■ **Exercise details**:
Only the records, exactly as written, belong in the answer; pictures do not.

### Entries provided ###

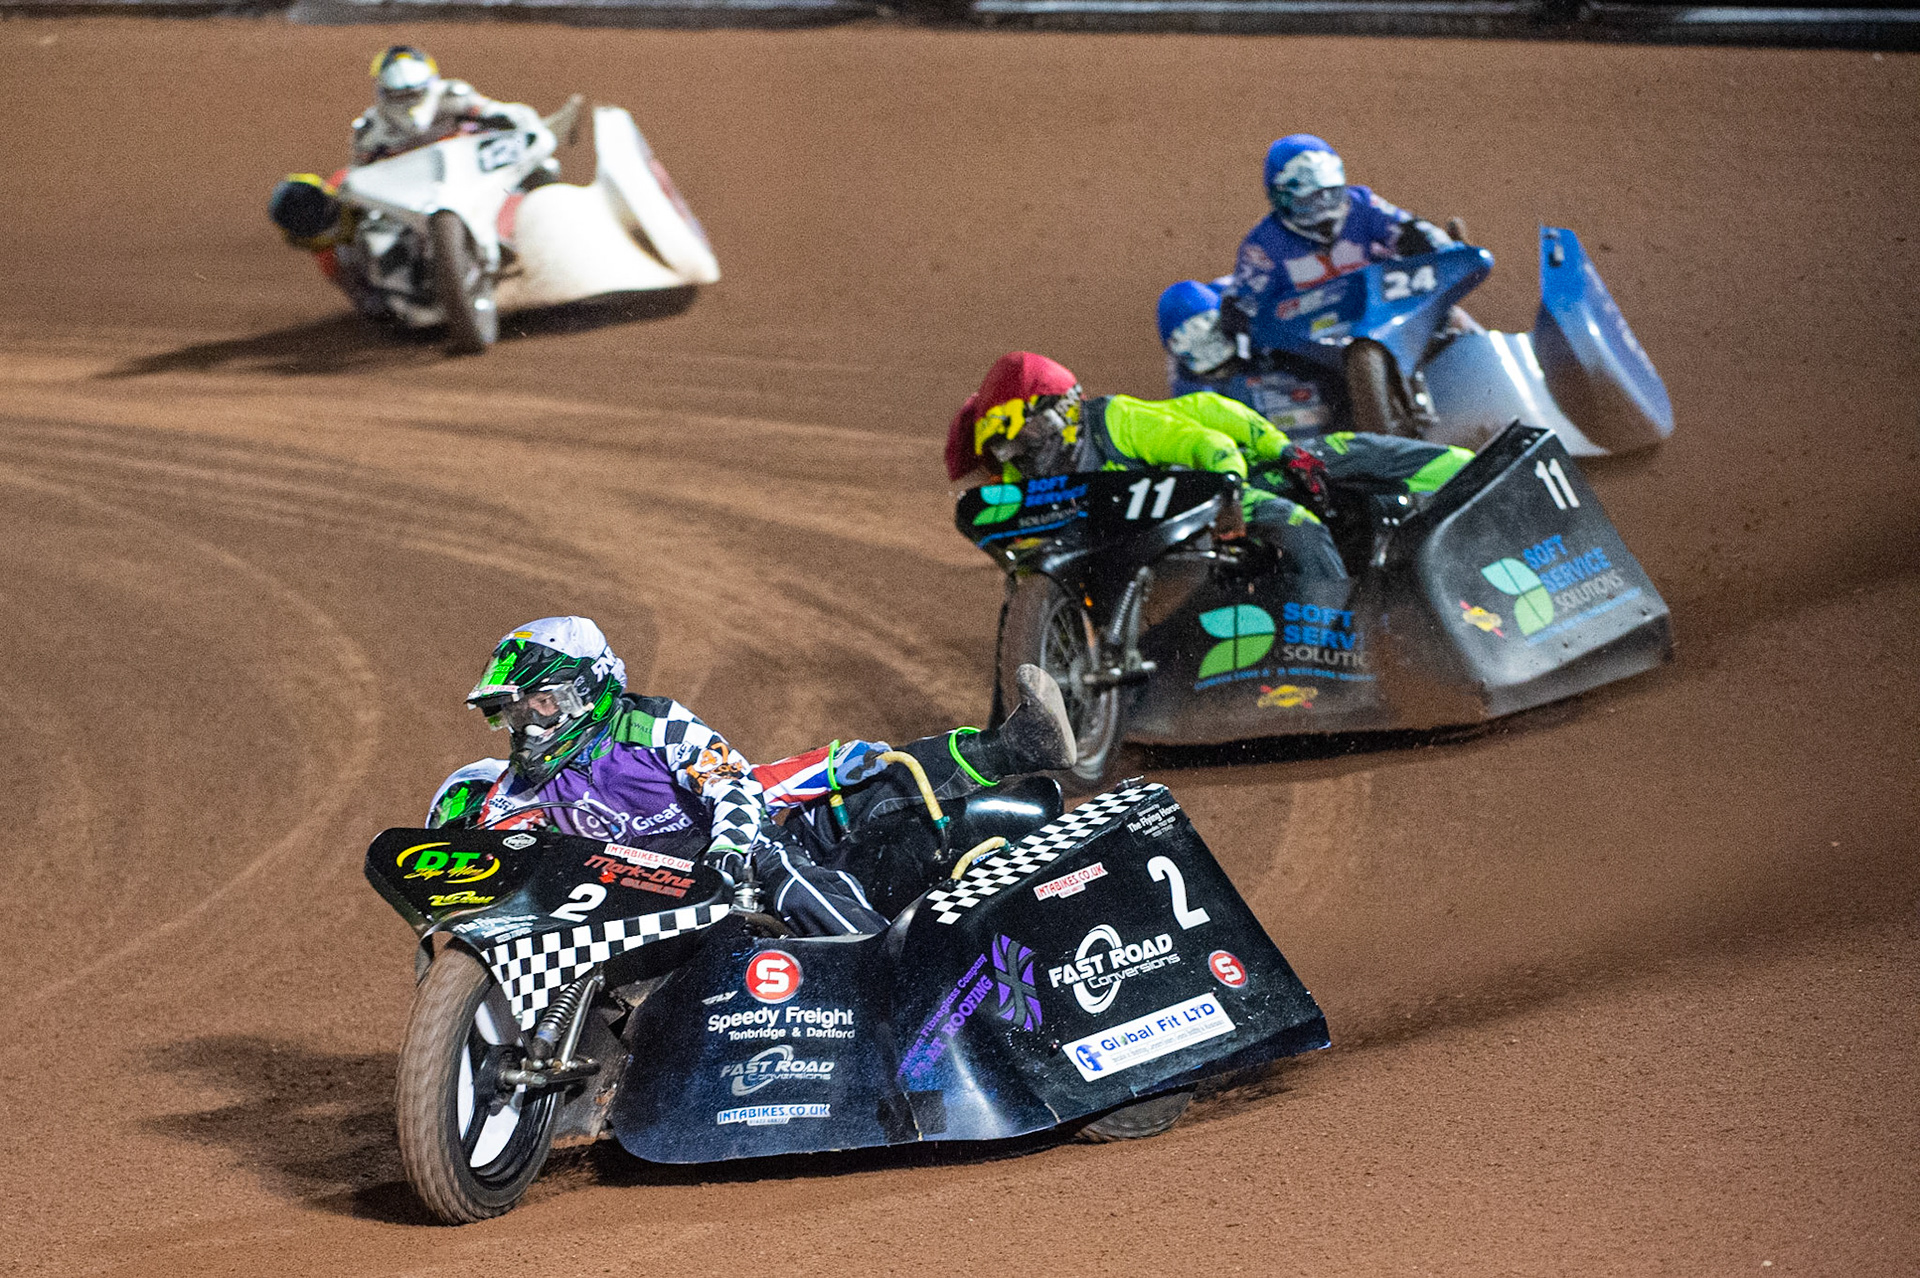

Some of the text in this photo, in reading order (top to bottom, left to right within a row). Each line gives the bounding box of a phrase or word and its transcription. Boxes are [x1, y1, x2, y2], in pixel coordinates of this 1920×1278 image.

[1383, 265, 1437, 300] 24
[1126, 477, 1176, 520] 11
[1535, 458, 1580, 510] 11
[1523, 534, 1568, 570] SOFT
[1540, 547, 1611, 593] SERVICE
[1555, 569, 1624, 612] SOLUTIONS
[1283, 602, 1354, 628] SOFT
[632, 803, 682, 830] Great
[1127, 822, 1142, 832] The
[1140, 812, 1162, 827] Flying
[1158, 803, 1181, 817] Horse
[413, 850, 480, 870] DT
[607, 844, 691, 869] INTABIKES.CO.UK
[1035, 864, 1105, 898] INTABIKES.CO.UK
[1146, 855, 1211, 930] 2
[549, 883, 607, 923] 2
[1048, 933, 1173, 988] FAST ROAD
[1088, 953, 1180, 989] Conversions
[920, 987, 961, 1037] Fibreglass
[957, 953, 987, 988] Company
[941, 975, 994, 1038] ROOFING
[708, 1006, 854, 1033] Speedy Freight
[728, 1027, 855, 1041] Tonbridge & Dartford
[1156, 1015, 1181, 1031] Fit
[1183, 1003, 1215, 1022] LTD
[720, 1060, 835, 1078] FAST ROAD
[748, 1073, 831, 1081] Conversions
[719, 1106, 827, 1122] INTABIKES.CO.UK

###

■ **Solved problem**:
Some of the text in this photo, in reading order (top to bottom, left to right within a row). Each line gives the bounding box of a phrase or word and its transcription. Boxes are [x1, y1, x2, y2], in pixel coordinates of this 1920×1278 image.

[1383, 265, 1437, 300] 24
[1126, 477, 1176, 520] 11
[1535, 458, 1580, 510] 11
[1523, 534, 1568, 570] SOFT
[1540, 547, 1611, 593] SERVICE
[1555, 569, 1624, 612] SOLUTIONS
[1283, 602, 1354, 628] SOFT
[632, 803, 682, 830] Great
[1127, 822, 1142, 832] The
[1140, 812, 1162, 827] Flying
[1158, 803, 1181, 817] Horse
[413, 850, 480, 870] DT
[607, 844, 691, 869] INTABIKES.CO.UK
[1035, 864, 1105, 898] INTABIKES.CO.UK
[1146, 855, 1211, 930] 2
[549, 883, 607, 923] 2
[1048, 933, 1173, 988] FAST ROAD
[1088, 953, 1180, 989] Conversions
[920, 987, 961, 1037] Fibreglass
[957, 953, 987, 988] Company
[941, 975, 994, 1038] ROOFING
[708, 1006, 854, 1033] Speedy Freight
[728, 1027, 855, 1041] Tonbridge & Dartford
[1156, 1015, 1181, 1031] Fit
[1183, 1003, 1215, 1022] LTD
[720, 1060, 835, 1078] FAST ROAD
[748, 1073, 831, 1081] Conversions
[719, 1106, 827, 1122] INTABIKES.CO.UK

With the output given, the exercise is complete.